Please restate each line of the data that follows word for word, skipping any image.

DATASET RECORDS below:

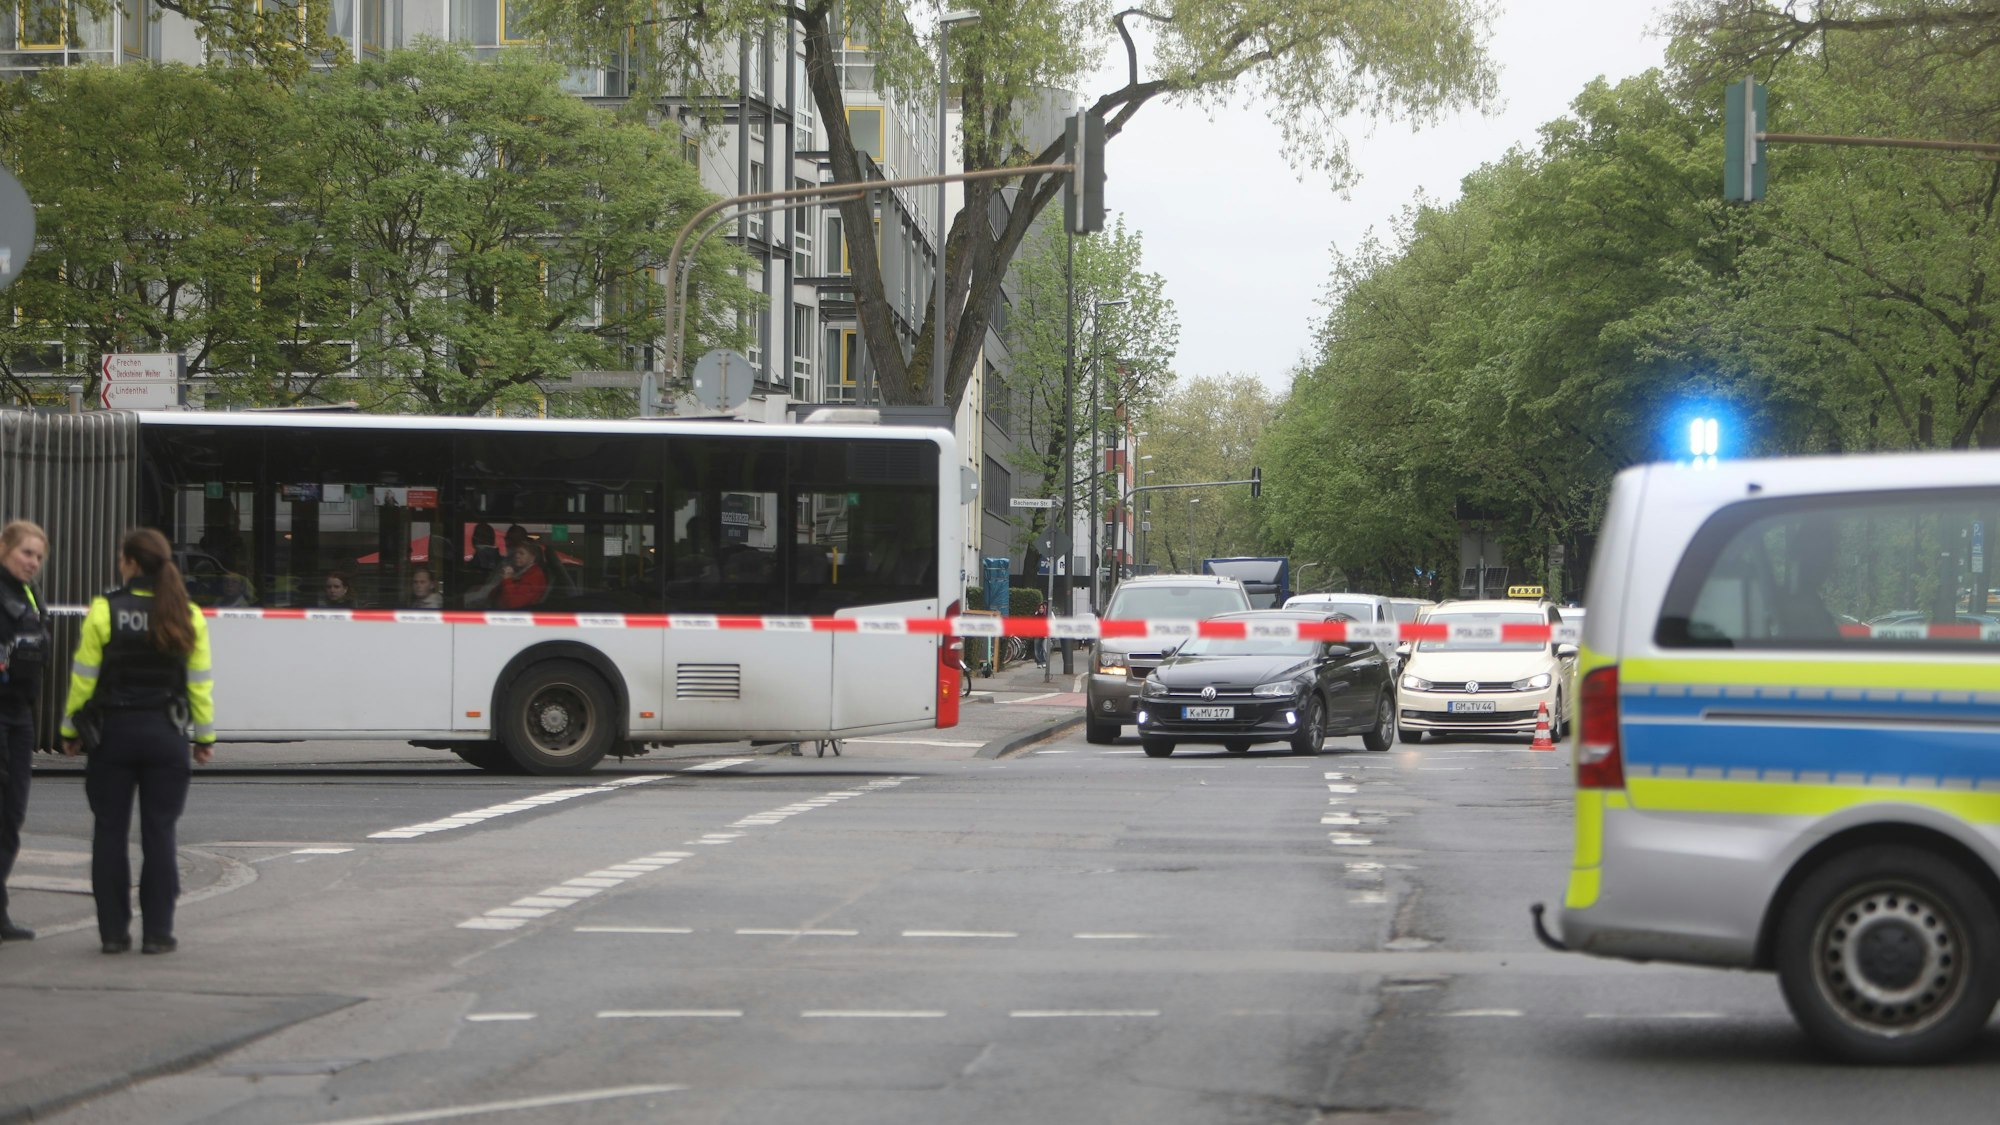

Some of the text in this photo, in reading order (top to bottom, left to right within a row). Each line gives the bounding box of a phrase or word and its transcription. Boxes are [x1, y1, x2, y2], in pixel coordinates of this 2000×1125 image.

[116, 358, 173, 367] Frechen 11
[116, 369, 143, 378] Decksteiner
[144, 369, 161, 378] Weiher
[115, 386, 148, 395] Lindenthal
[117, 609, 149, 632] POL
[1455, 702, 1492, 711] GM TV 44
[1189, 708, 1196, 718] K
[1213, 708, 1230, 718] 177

End of DATASET RECORDS.

ANSWER TO THIS TASK
Some of the text in this photo, in reading order (top to bottom, left to right within a row). Each line gives the bounding box of a phrase or word and its transcription. Boxes are [x1, y1, x2, y2], in pixel coordinates of this 2000×1125 image.

[116, 358, 173, 367] Frechen 11
[116, 369, 143, 378] Decksteiner
[144, 369, 161, 378] Weiher
[115, 386, 148, 395] Lindenthal
[117, 609, 149, 632] POL
[1455, 702, 1492, 711] GM TV 44
[1189, 708, 1196, 718] K
[1213, 708, 1230, 718] 177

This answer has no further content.